• TASK TO COMPLETE
Apart from the images, reproduce all of the data word for word.

• DATASET RECORDS
○ ○ ○
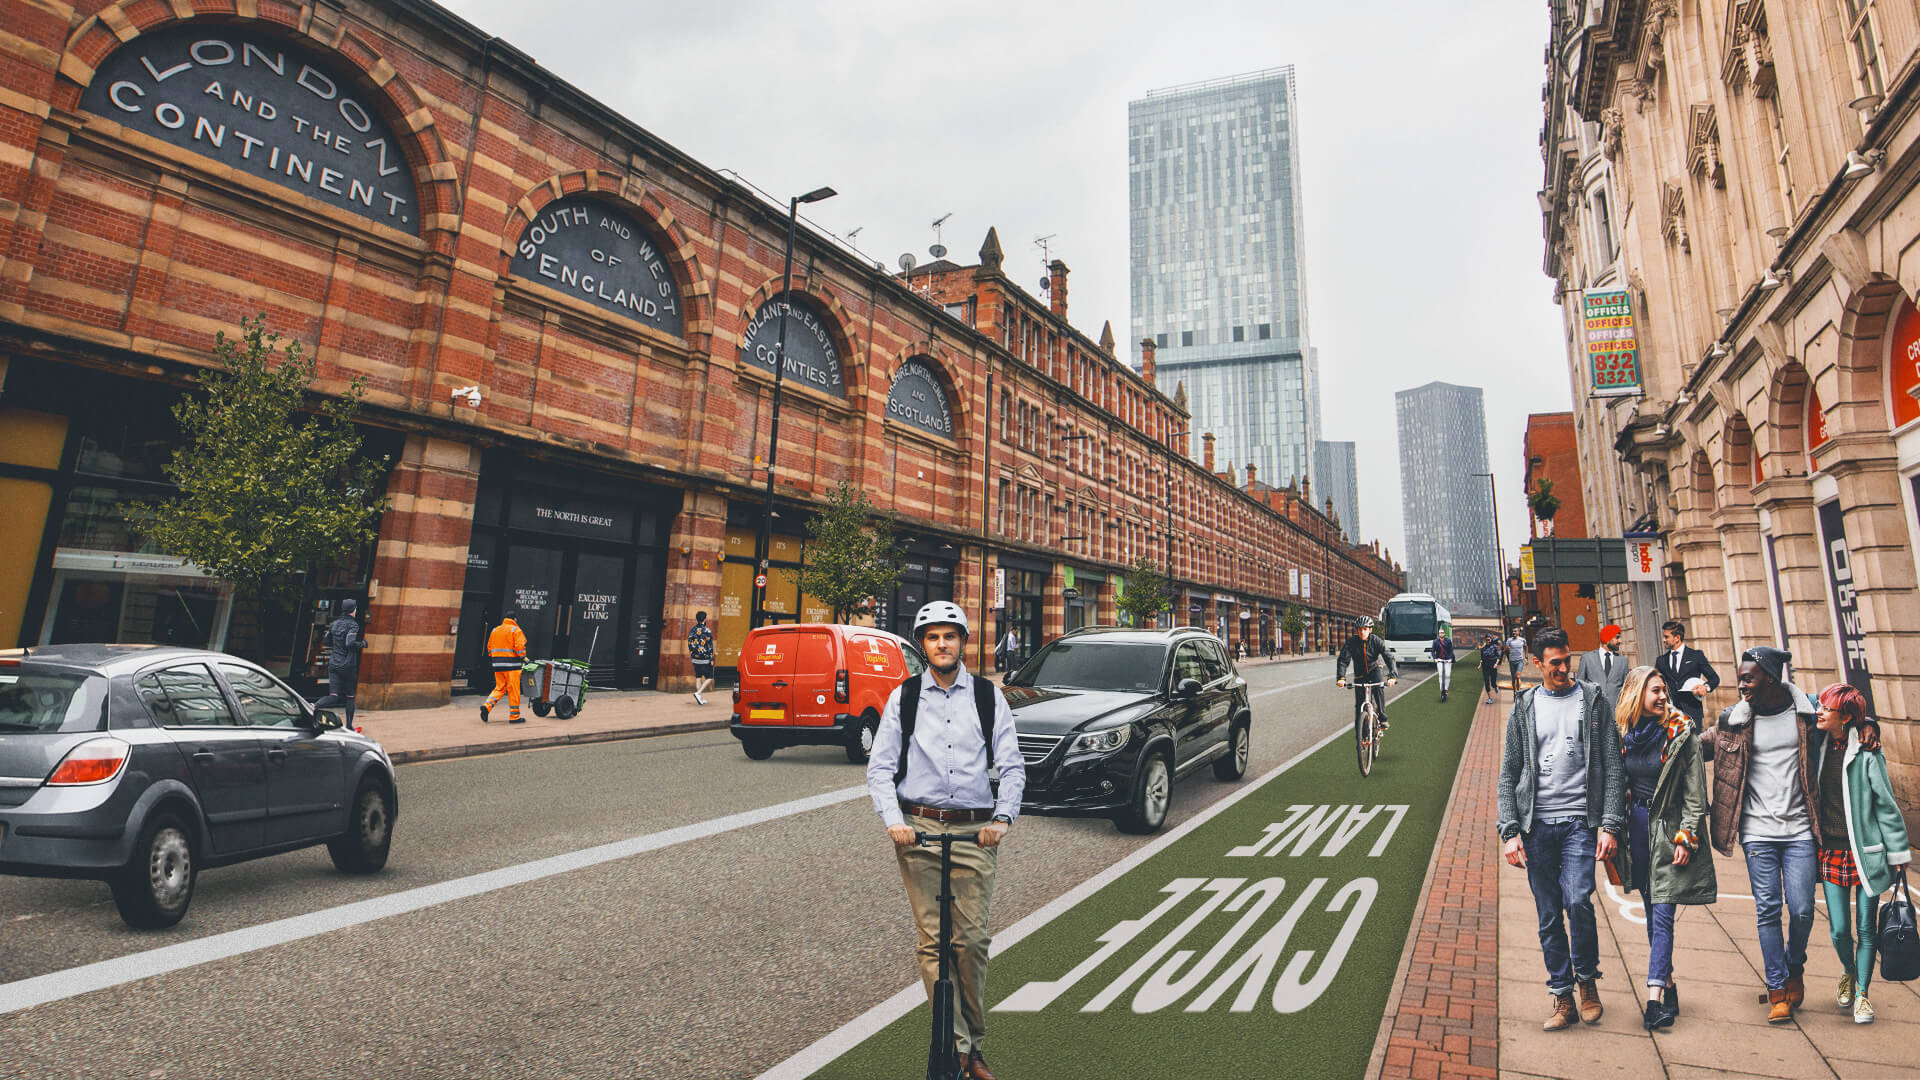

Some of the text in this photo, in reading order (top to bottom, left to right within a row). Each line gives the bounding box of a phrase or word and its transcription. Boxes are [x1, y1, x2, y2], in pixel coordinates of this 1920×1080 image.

[140, 39, 399, 177] LONDON
[204, 81, 351, 154] AND THE
[109, 80, 408, 223] CONTINENT.
[519, 207, 676, 316] SOUTH AND WEST
[591, 249, 622, 267] OF
[538, 253, 661, 322] ENGLAND.
[1588, 295, 1625, 306] TO LET
[1586, 305, 1630, 317] OFFICES
[1588, 317, 1631, 329] OFFICES
[1589, 328, 1633, 340] OFFICES
[787, 307, 803, 321] AND
[804, 312, 840, 385] EASTERN
[1590, 340, 1634, 352] OFFICES
[1594, 352, 1634, 371] 832
[1596, 369, 1636, 385] 8321
[536, 507, 613, 527] THE NORTH IS GREAT
[1639, 542, 1653, 573] hobs
[756, 577, 766, 585] 20
[578, 593, 617, 604] EXCLUSIVE
[587, 602, 608, 611] LOFT
[583, 610, 609, 620] LIVING
[1224, 804, 1410, 857] LANE
[988, 876, 1379, 1014] CYCLE
○ ○ ○
• EXERCISE ANSWER
Some of the text in this photo, in reading order (top to bottom, left to right within a row). Each line gives the bounding box of a phrase or word and its transcription. Boxes are [x1, y1, x2, y2], in pixel coordinates of this 1920×1080 image.

[140, 39, 399, 177] LONDON
[204, 81, 351, 154] AND THE
[109, 80, 408, 223] CONTINENT.
[519, 207, 676, 316] SOUTH AND WEST
[591, 249, 622, 267] OF
[538, 253, 661, 322] ENGLAND.
[1588, 295, 1625, 306] TO LET
[1586, 305, 1630, 317] OFFICES
[1588, 317, 1631, 329] OFFICES
[1589, 328, 1633, 340] OFFICES
[787, 307, 803, 321] AND
[804, 312, 840, 385] EASTERN
[1590, 340, 1634, 352] OFFICES
[1594, 352, 1634, 371] 832
[1596, 369, 1636, 385] 8321
[536, 507, 613, 527] THE NORTH IS GREAT
[1639, 542, 1653, 573] hobs
[756, 577, 766, 585] 20
[578, 593, 617, 604] EXCLUSIVE
[587, 602, 608, 611] LOFT
[583, 610, 609, 620] LIVING
[1224, 804, 1410, 857] LANE
[988, 876, 1379, 1014] CYCLE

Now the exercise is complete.